Yaşayan bir şeyin ölümü kendi hayatta kalmamızın fiyatıdır ve tekrar tekrar ödüyoruz. Seçeneğimiz yok. Yeryüzündeki her yaşamın doğduğu ve devam etmesi gereken tek vaattir.
(The death of something living is the price of our own survival, and we pay it again and again. We have no choice. It is the one solemn promise every life on earth is born and bound to keep.)
Barbara Kingsolver'ın "Zehirli Ağaç İncil" den alıntı, yaşamın temel gerçekliğini yansıtarak varlığın döngüsel doğasını vurgular. Bir canlı varlığın hayatta kalmasının genellikle başka bir varlığın ölümünü nasıl gerektirdiğini ve yaşamın yaşamı beslediği kaçınılmaz bir döngü yarattığını vurgular.
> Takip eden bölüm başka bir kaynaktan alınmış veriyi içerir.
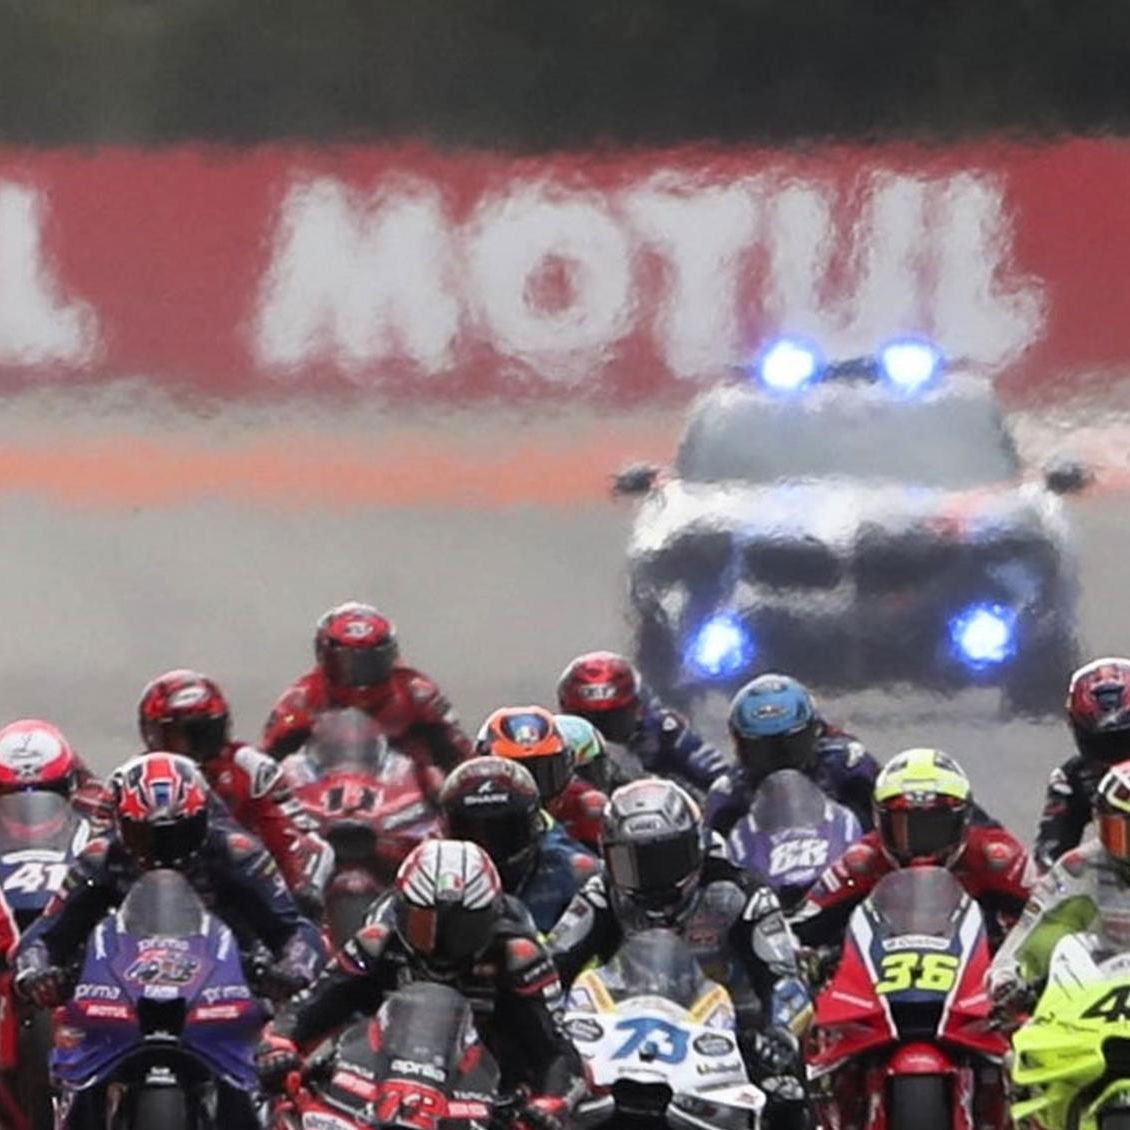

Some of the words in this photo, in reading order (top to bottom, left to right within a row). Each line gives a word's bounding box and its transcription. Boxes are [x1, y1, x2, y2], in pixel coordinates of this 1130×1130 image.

Bu gerçek, tüm yaratıkların kabul etmesi gereken doğada sert ama temel dengeyi vurgular.
Dahası, Kingsolver bu döngünün yaşamın değişmez bir yönü olduğunu, her varlığın kabul etmek zorunda olduğu bir yönü olduğunu öne sürüyor. İfade, tüm yaşam formlarının birbirine bağlılığı konusunda bir ciddiyet ve istifa duygusu uyandırıyor, bu da hayatta kalmanın genellikle bir maliyete sahip olduğunu gösteriyor. Bu ahlaki karmaşıklık, okuyucuları daha büyük varoluş ağında rollerini düşünmeye çağıran anlatıdaki temel bir temadır.